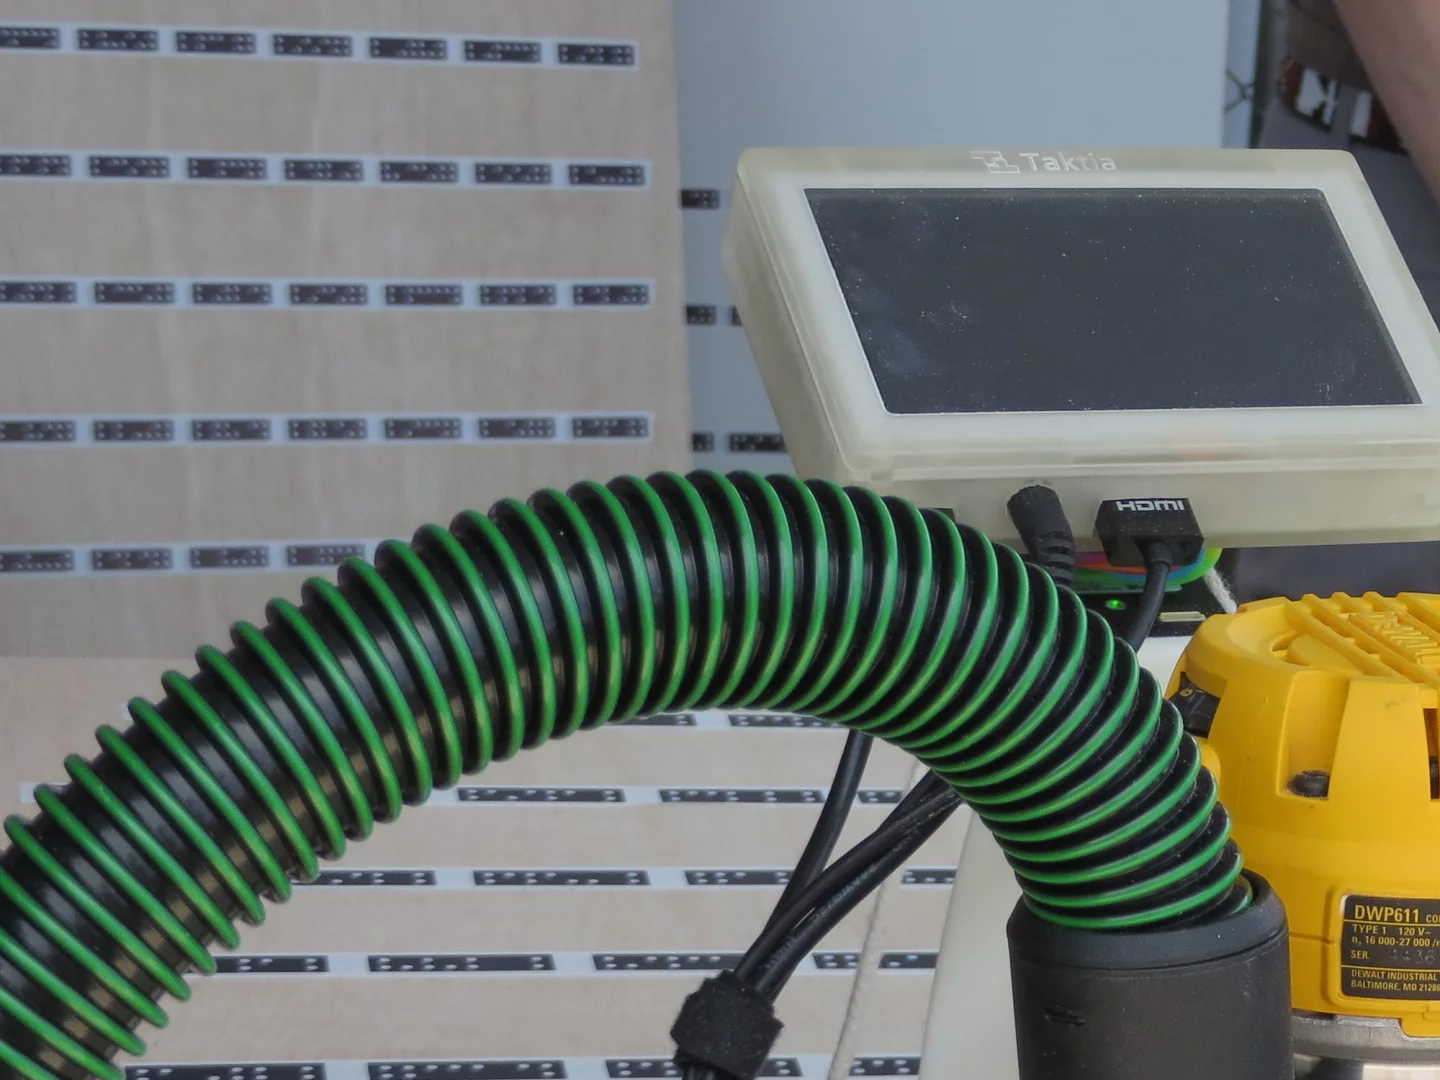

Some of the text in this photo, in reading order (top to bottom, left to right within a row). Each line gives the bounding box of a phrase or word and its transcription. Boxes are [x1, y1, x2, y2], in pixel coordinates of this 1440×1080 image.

[1018, 151, 1118, 172] Taktia
[1115, 499, 1186, 512] HDMI
[1354, 904, 1420, 923] DWP611
[1352, 923, 1379, 934] TYPE
[1382, 926, 1388, 935] 1
[1399, 926, 1415, 936] 120
[1365, 935, 1376, 945] 16
[1378, 936, 1411, 947] 000-27
[1413, 938, 1431, 948] 000
[1350, 949, 1371, 960] SER.
[1351, 969, 1386, 980] DEWALT
[1387, 971, 1438, 981] INDUSTRIAL
[1402, 982, 1418, 991] MD
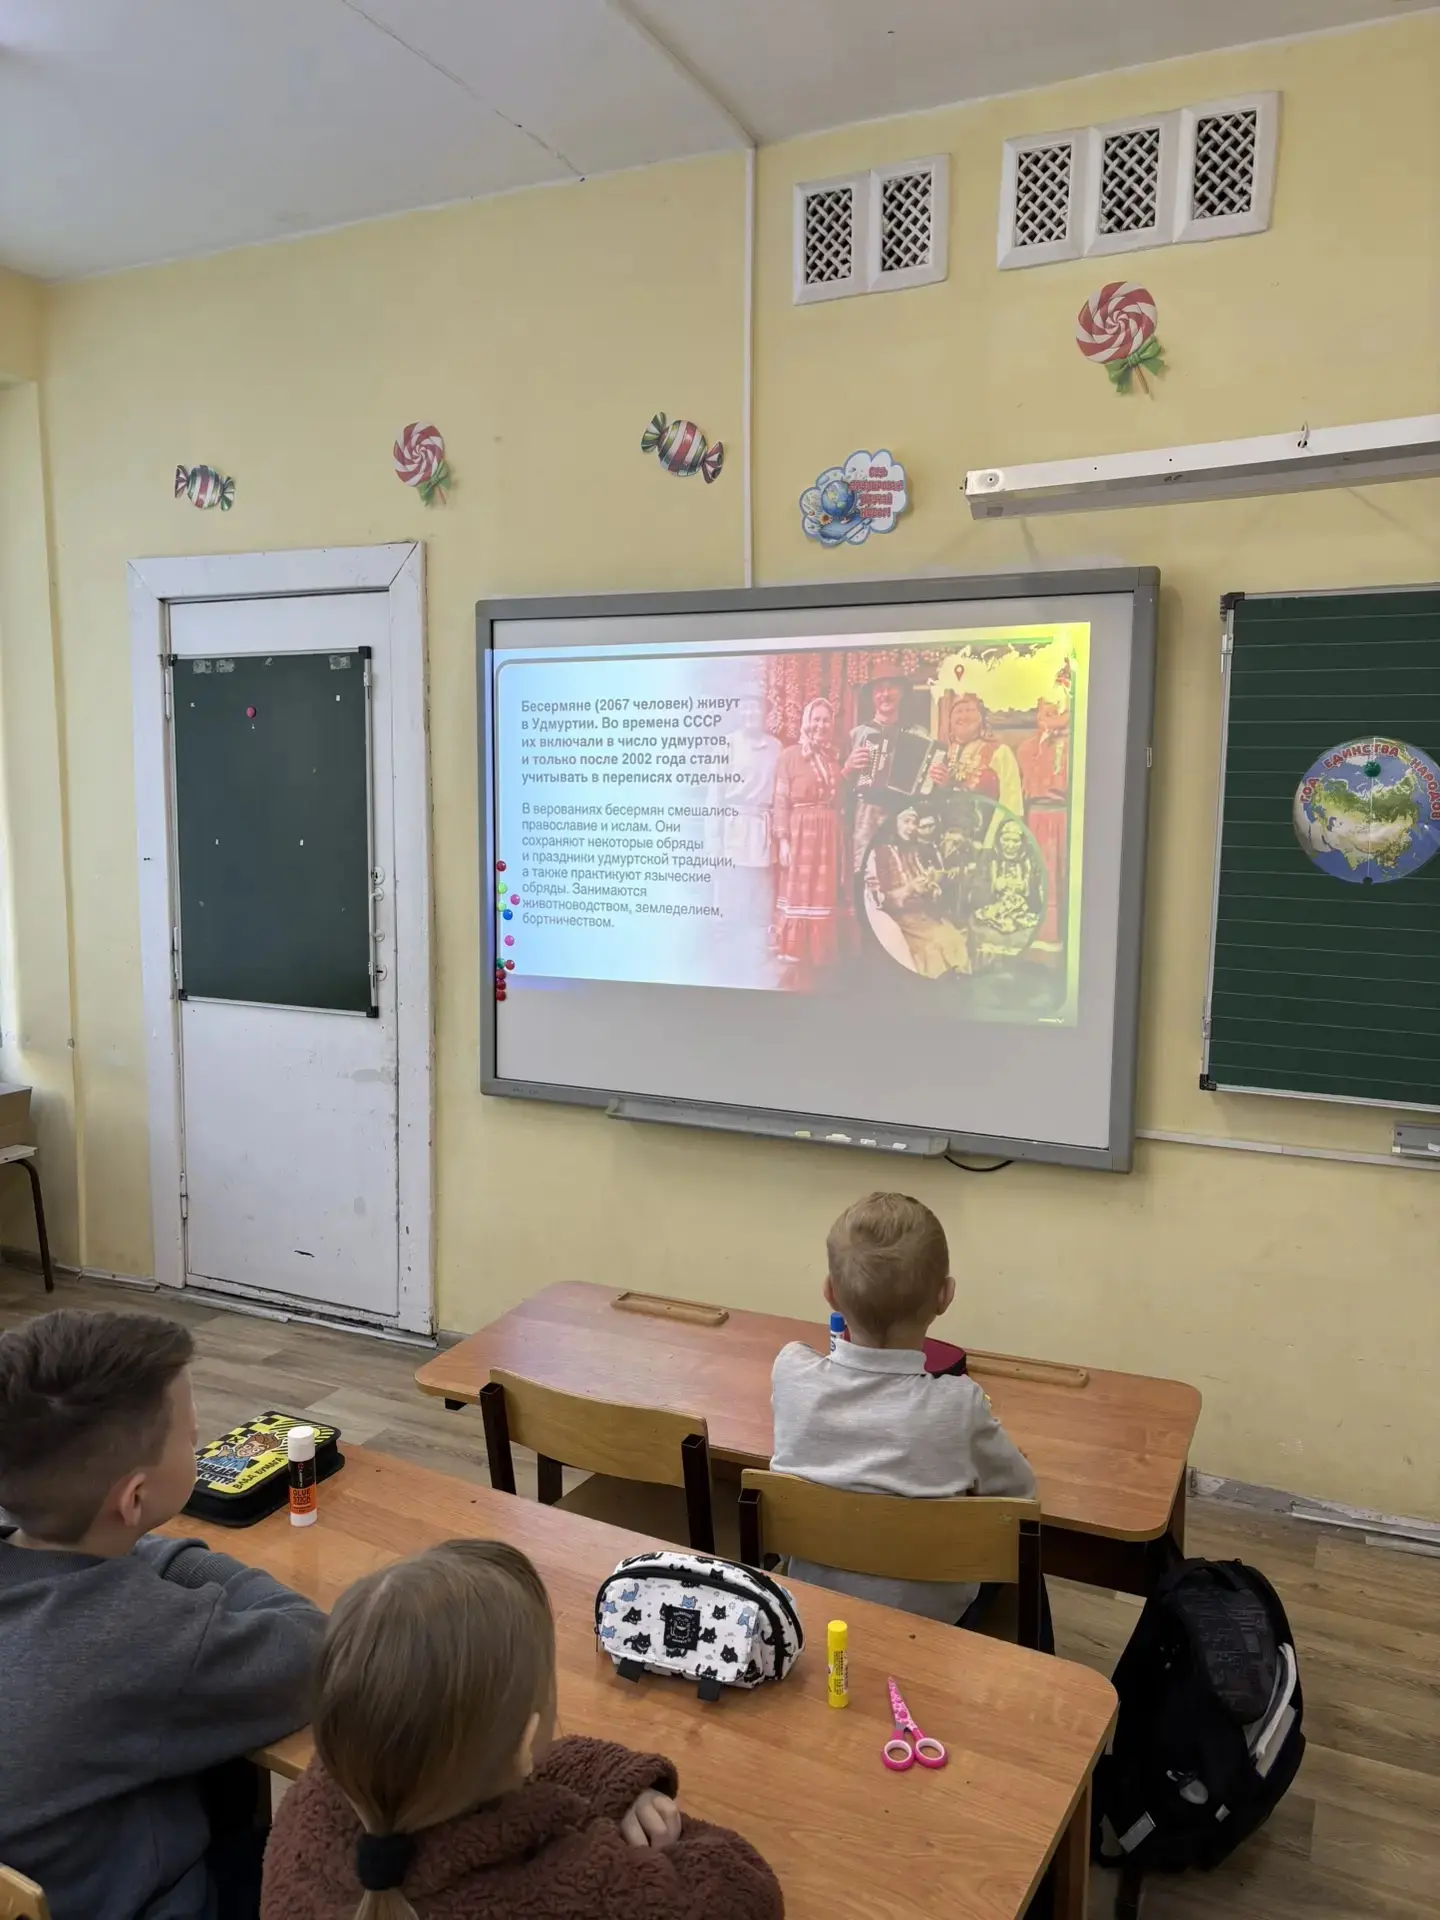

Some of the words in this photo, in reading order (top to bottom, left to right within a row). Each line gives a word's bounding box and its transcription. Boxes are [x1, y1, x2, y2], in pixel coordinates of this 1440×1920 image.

[521, 701, 591, 715] Бесермяне
[594, 698, 630, 714] (2067
[633, 696, 694, 711] человек)
[697, 698, 740, 714] живут
[521, 722, 529, 730] в
[531, 719, 599, 732] Удмуртии.
[601, 717, 619, 729] Во
[623, 719, 679, 731] времена
[683, 715, 722, 728] СССР
[522, 738, 536, 747] их
[540, 737, 603, 747] включали
[607, 737, 614, 746] в
[618, 736, 657, 747] число
[661, 736, 730, 750] удмуртов,
[522, 756, 529, 765] и
[533, 756, 576, 765] только
[580, 755, 618, 765] после
[621, 753, 652, 765] 2002
[656, 755, 686, 767] года
[689, 753, 729, 764] стали
[522, 773, 588, 786] учитывать
[592, 774, 600, 783] в
[602, 772, 672, 786] переписях
[676, 772, 745, 786] отдельно.
[1300, 776, 1319, 804] ГОД
[1323, 743, 1399, 769] ЕДИНСТВА
[1409, 757, 1440, 819] НАРОДОВ
[522, 803, 530, 814] В
[533, 805, 602, 817] верованиях
[605, 804, 664, 819] бесермян
[668, 806, 739, 816] смешались
[522, 820, 597, 833] православие
[601, 821, 608, 831] и
[611, 821, 652, 832] ислам.
[655, 820, 681, 832] Они
[522, 836, 585, 849] сохраняют
[588, 838, 653, 851] некоторые
[656, 836, 704, 852] обряды
[522, 852, 529, 861] и
[532, 853, 595, 865] праздники
[597, 853, 669, 867] удмуртской
[672, 856, 736, 869] традиции,
[522, 869, 529, 877] а
[532, 869, 568, 878] также
[571, 870, 641, 884] практикуют
[644, 872, 711, 883] языческие
[522, 882, 569, 897] обряды.
[572, 883, 647, 897] Занимаются
[522, 899, 632, 915] животноводством,
[635, 903, 724, 919] земледелием,
[522, 913, 615, 928] бортничеством.

What you have to do
Set down the full listing above with its wording unchanged. Leave out its images.

Exercise response
Some of the text in this photo, in reading order (top to bottom, left to right within a row). Each line gives the bounding box of a phrase or word and its transcription. Boxes are [x1, y1, x2, y2], in pixel coordinates of this 1440×1080 image.

[1018, 151, 1118, 172] Taktia
[1115, 499, 1186, 512] HDMI
[1354, 904, 1420, 923] DWP611
[1352, 923, 1379, 934] TYPE
[1382, 926, 1388, 935] 1
[1399, 926, 1415, 936] 120
[1365, 935, 1376, 945] 16
[1378, 936, 1411, 947] 000-27
[1413, 938, 1431, 948] 000
[1350, 949, 1371, 960] SER.
[1351, 969, 1386, 980] DEWALT
[1387, 971, 1438, 981] INDUSTRIAL
[1402, 982, 1418, 991] MD

Some of the words in this photo, in reading order (top to bottom, left to right within a row). Each line gives a word's bounding box and its transcription. Boxes are [x1, y1, x2, y2], in pixel coordinates of this 1440×1920 image.

[521, 701, 591, 715] Бесермяне
[594, 698, 630, 714] (2067
[633, 696, 694, 711] человек)
[697, 698, 740, 714] живут
[521, 722, 529, 730] в
[531, 719, 599, 732] Удмуртии.
[601, 717, 619, 729] Во
[623, 719, 679, 731] времена
[683, 715, 722, 728] СССР
[522, 738, 536, 747] их
[540, 737, 603, 747] включали
[607, 737, 614, 746] в
[618, 736, 657, 747] число
[661, 736, 730, 750] удмуртов,
[522, 756, 529, 765] и
[533, 756, 576, 765] только
[580, 755, 618, 765] после
[621, 753, 652, 765] 2002
[656, 755, 686, 767] года
[689, 753, 729, 764] стали
[522, 773, 588, 786] учитывать
[592, 774, 600, 783] в
[602, 772, 672, 786] переписях
[676, 772, 745, 786] отдельно.
[1300, 776, 1319, 804] ГОД
[1323, 743, 1399, 769] ЕДИНСТВА
[1409, 757, 1440, 819] НАРОДОВ
[522, 803, 530, 814] В
[533, 805, 602, 817] верованиях
[605, 804, 664, 819] бесермян
[668, 806, 739, 816] смешались
[522, 820, 597, 833] православие
[601, 821, 608, 831] и
[611, 821, 652, 832] ислам.
[655, 820, 681, 832] Они
[522, 836, 585, 849] сохраняют
[588, 838, 653, 851] некоторые
[656, 836, 704, 852] обряды
[522, 852, 529, 861] и
[532, 853, 595, 865] праздники
[597, 853, 669, 867] удмуртской
[672, 856, 736, 869] традиции,
[522, 869, 529, 877] а
[532, 869, 568, 878] также
[571, 870, 641, 884] практикуют
[644, 872, 711, 883] языческие
[522, 882, 569, 897] обряды.
[572, 883, 647, 897] Занимаются
[522, 899, 632, 915] животноводством,
[635, 903, 724, 919] земледелием,
[522, 913, 615, 928] бортничеством.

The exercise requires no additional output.